Что делает Феликс? Мне он больше не отвечал.
[Плана, штемпель получения 31.VII.1922]
Дражайший Макс, наскоро еще один привет перед отъездом (пока еще позволяют внизу хозяйка, племянник и племянница — хозяйкины, я имею в виду). По порядку, как ты писал:
Билек: если ты действительно хочешь попытаться сделать то, о чем я осмеливался говорить лишь как о фантастическом желании, на большее сил не хватало, это меня радует чрезвычайно. Это, по-моему, была бы борьба того же уровня, что борьба за Яначека, насколько я способен понять (чуть было не написал: борьба за Дрейфуса), причем предметом борьбы в таких случаях являются не Билек, Яначек или Дрейфус (потому что у него, возможно и наверное, дела сносные, в той статье писалось, что у него есть работа, выставлена уже седьмая копия статуэтки «Слепой», и неизвестным его назвать уже нельзя, в той же статье — которая вообще посвящена была отношению государства к искусству — он был даже назван «velikan»{10}, борьба не должна идти за что-то необычное, это снизило бы ее уровень), а само искусство скульптуры и современное состояние человека. При этом я, конечно, все время думаю лишь о колинском Гусе (не столько о статуе в галерее Современного искусства или о памятнике на Вышеградском кладбище, а куда больше о расплывшейся в памяти массе не очень доступных мелких работ в деревне и о его графике, которые видел раньше), когда выходишь из переулка и видишь перед собой большую площадь с маленькими домами вокруг, а посередине Гуса, в любое время, в снег и летом, все вместе образует восхитительное, непостижимое и потому как будто произвольное, в каждый новый момент заново формируемое этой могучей рукой, включающее в себя и самого зрителя единство.
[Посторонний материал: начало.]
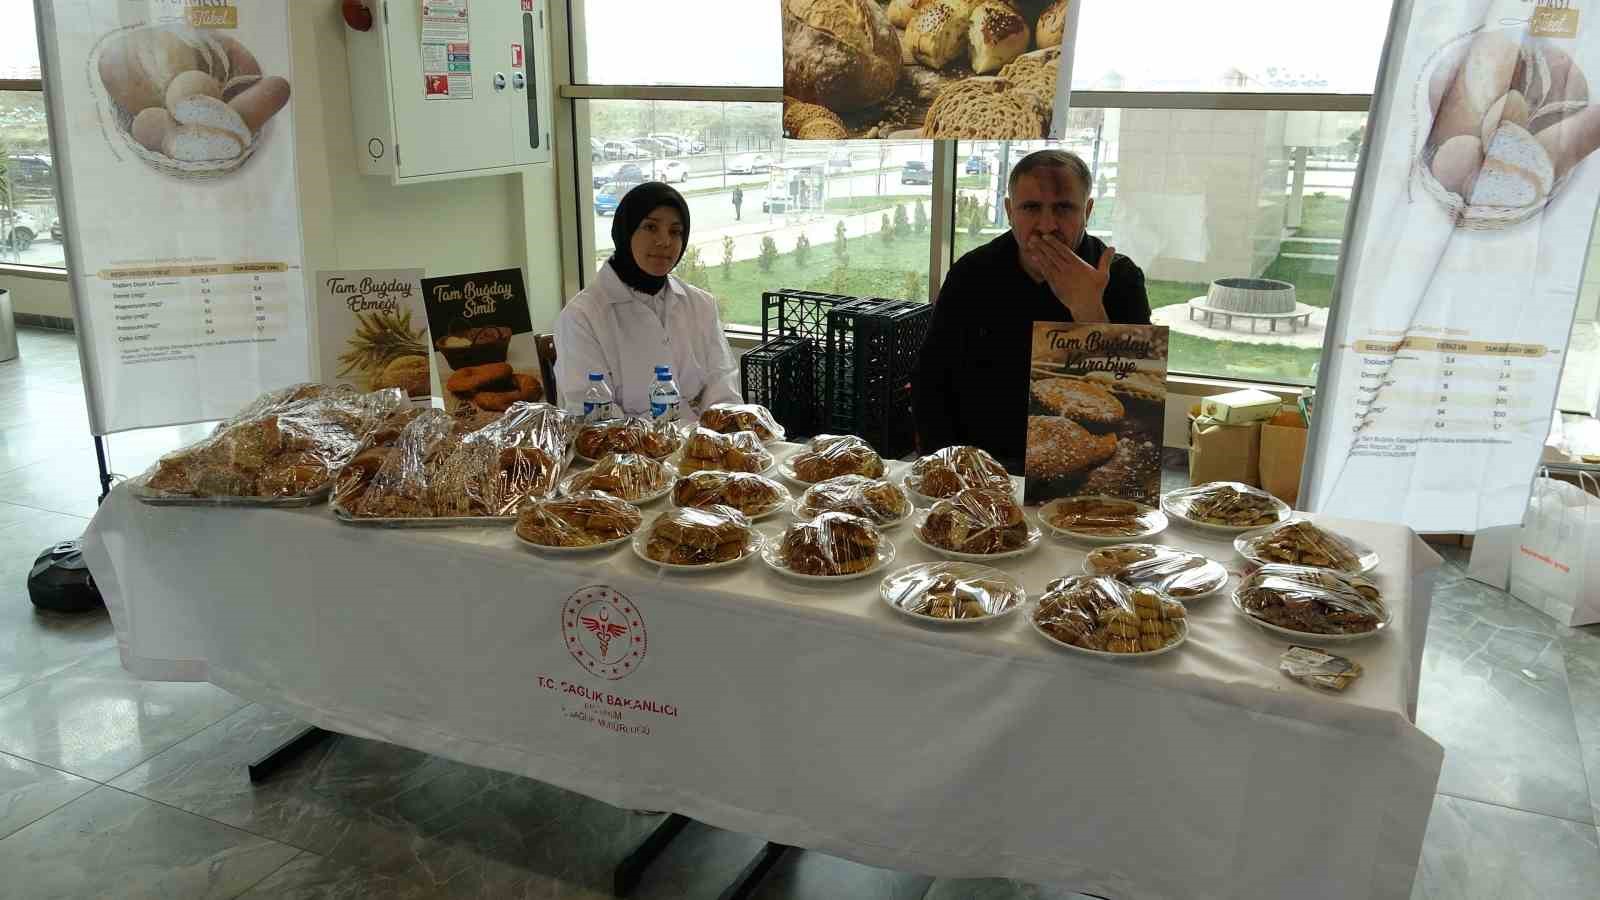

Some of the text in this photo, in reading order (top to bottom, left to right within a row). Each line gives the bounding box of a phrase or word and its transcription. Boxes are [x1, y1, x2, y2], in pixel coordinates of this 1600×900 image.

[326, 277, 358, 296] Tam
[433, 284, 463, 303] Tam
[1046, 329, 1081, 350] Tam
[537, 676, 557, 691] T.C.
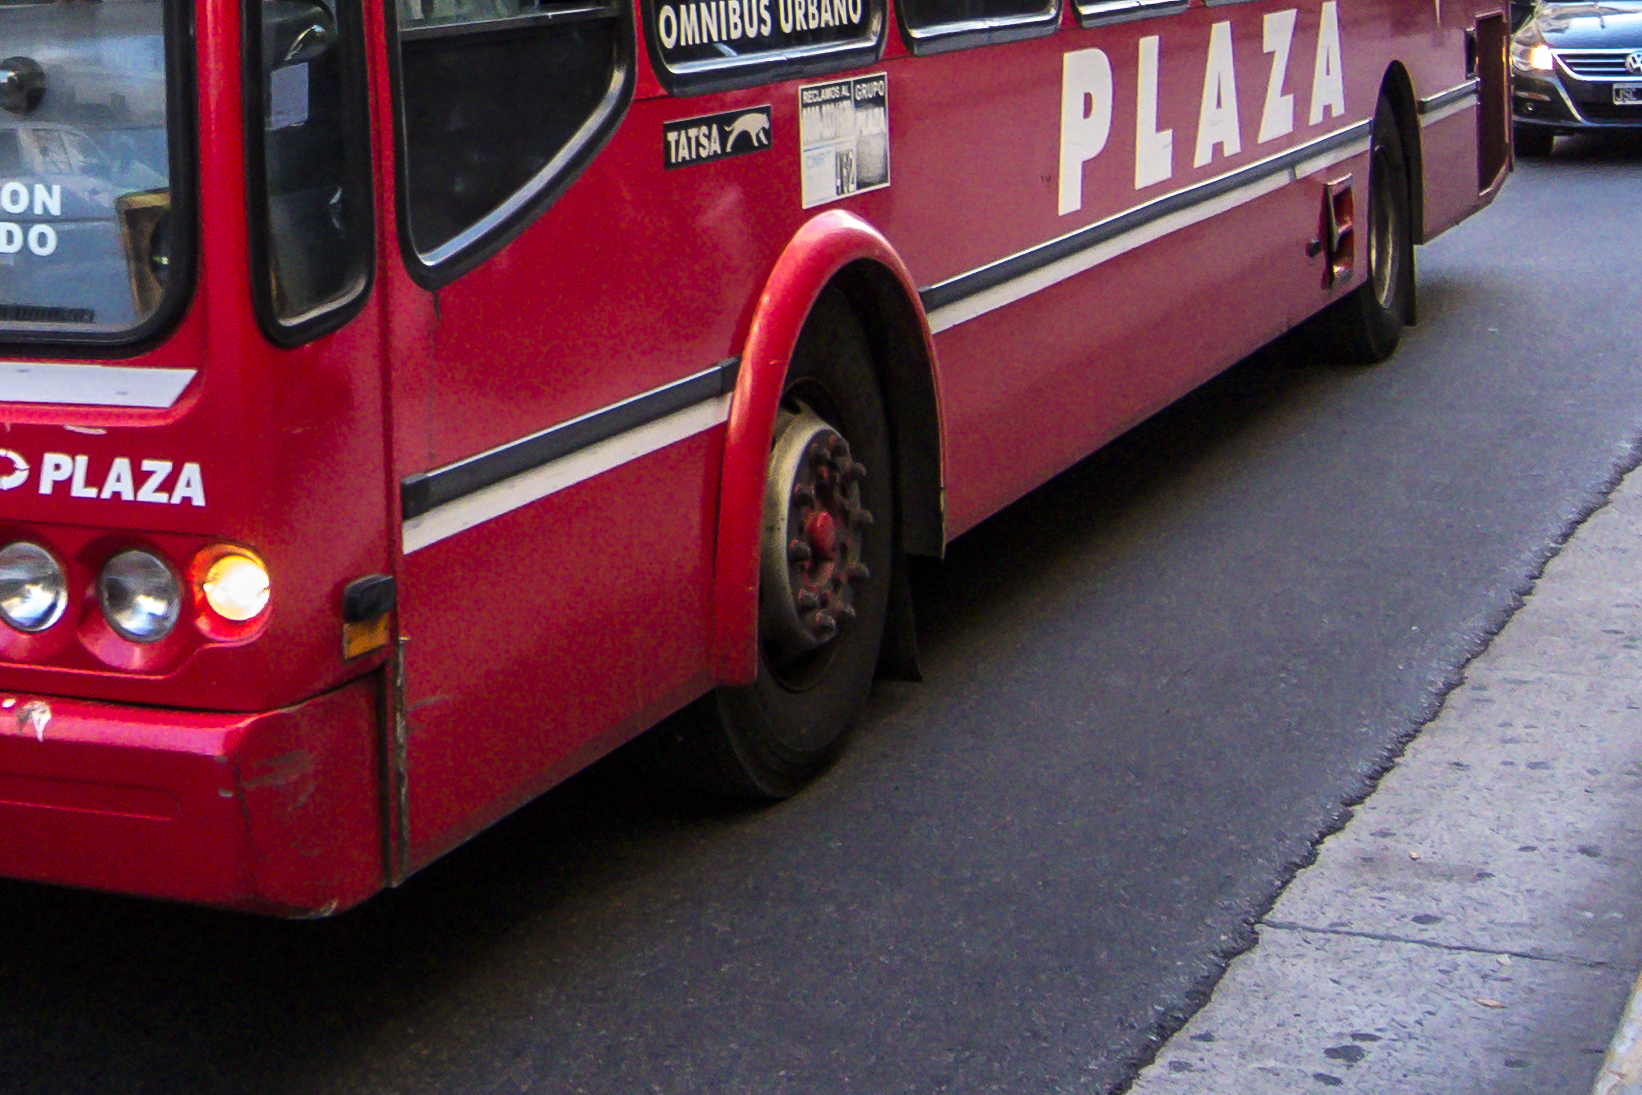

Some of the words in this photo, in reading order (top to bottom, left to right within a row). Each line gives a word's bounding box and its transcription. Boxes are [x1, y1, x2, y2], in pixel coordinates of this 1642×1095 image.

[855, 80, 885, 101] GRUPO
[1057, 0, 1346, 217] PLAZA
[666, 123, 722, 164] TATSA
[38, 452, 207, 507] PLAZA
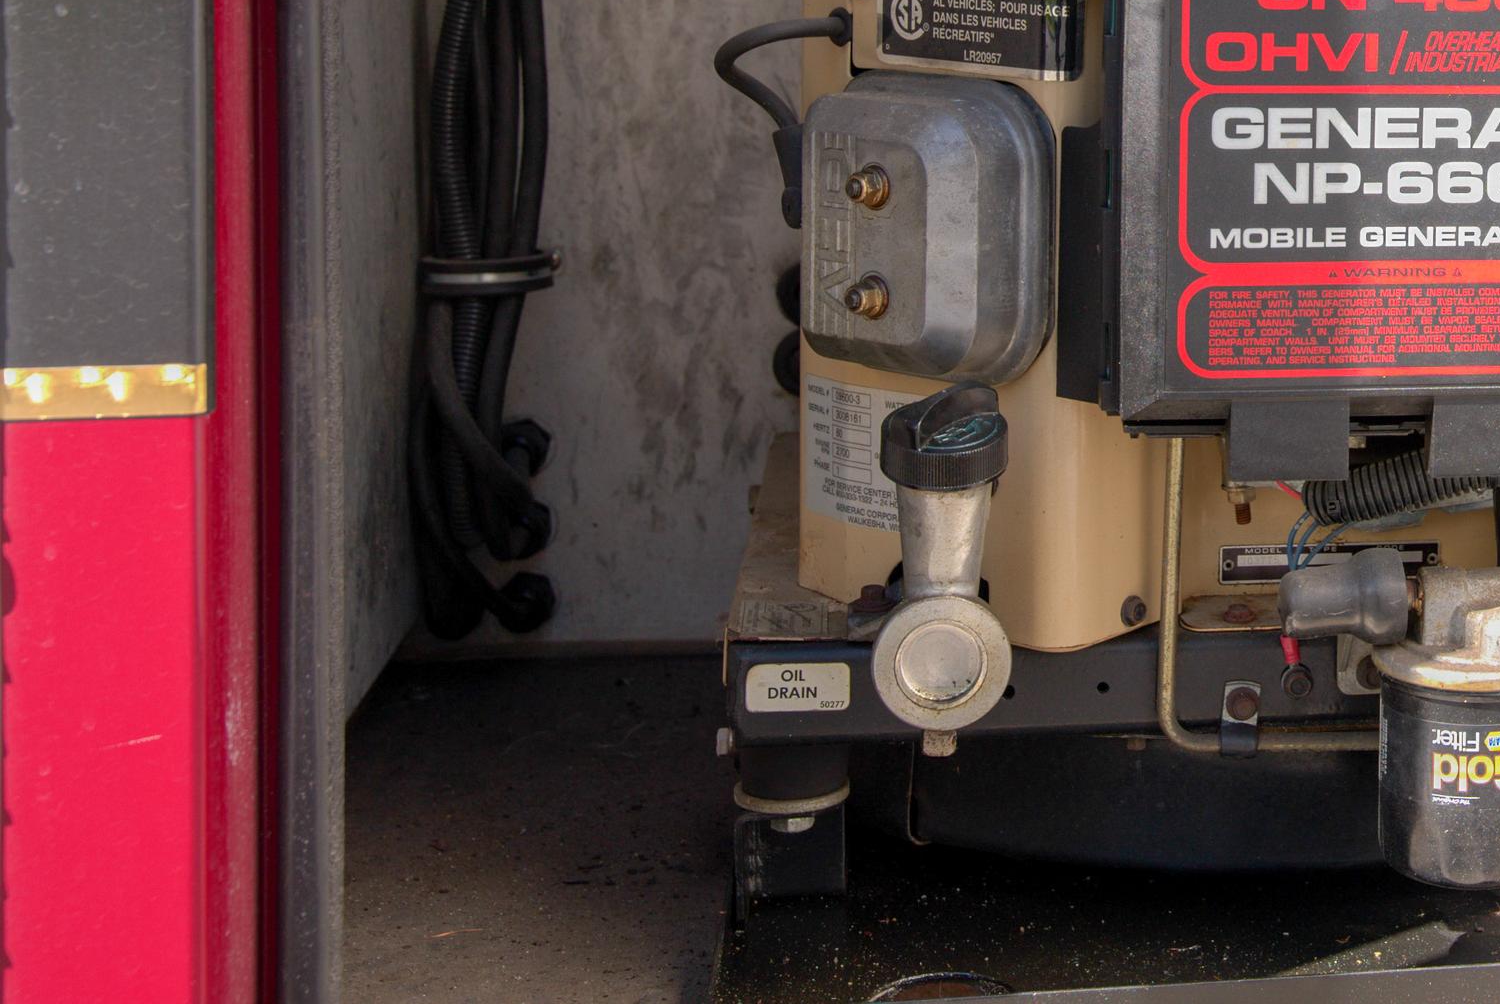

Примерно такое же впечатление производит овеянный дыханием времени дом Гёте в Веймаре, но за творца, создавшего все, требуется тяжелая борьба, и дверь его дома все время закрыта.
Было бы очень интересно узнать, почему убрали памятник Гусу; мне вспоминается рассказ моей умершей кузины, что еще до его установки все городские деятели были против, и многие оставались против еще потом, похоже, и до сих пор.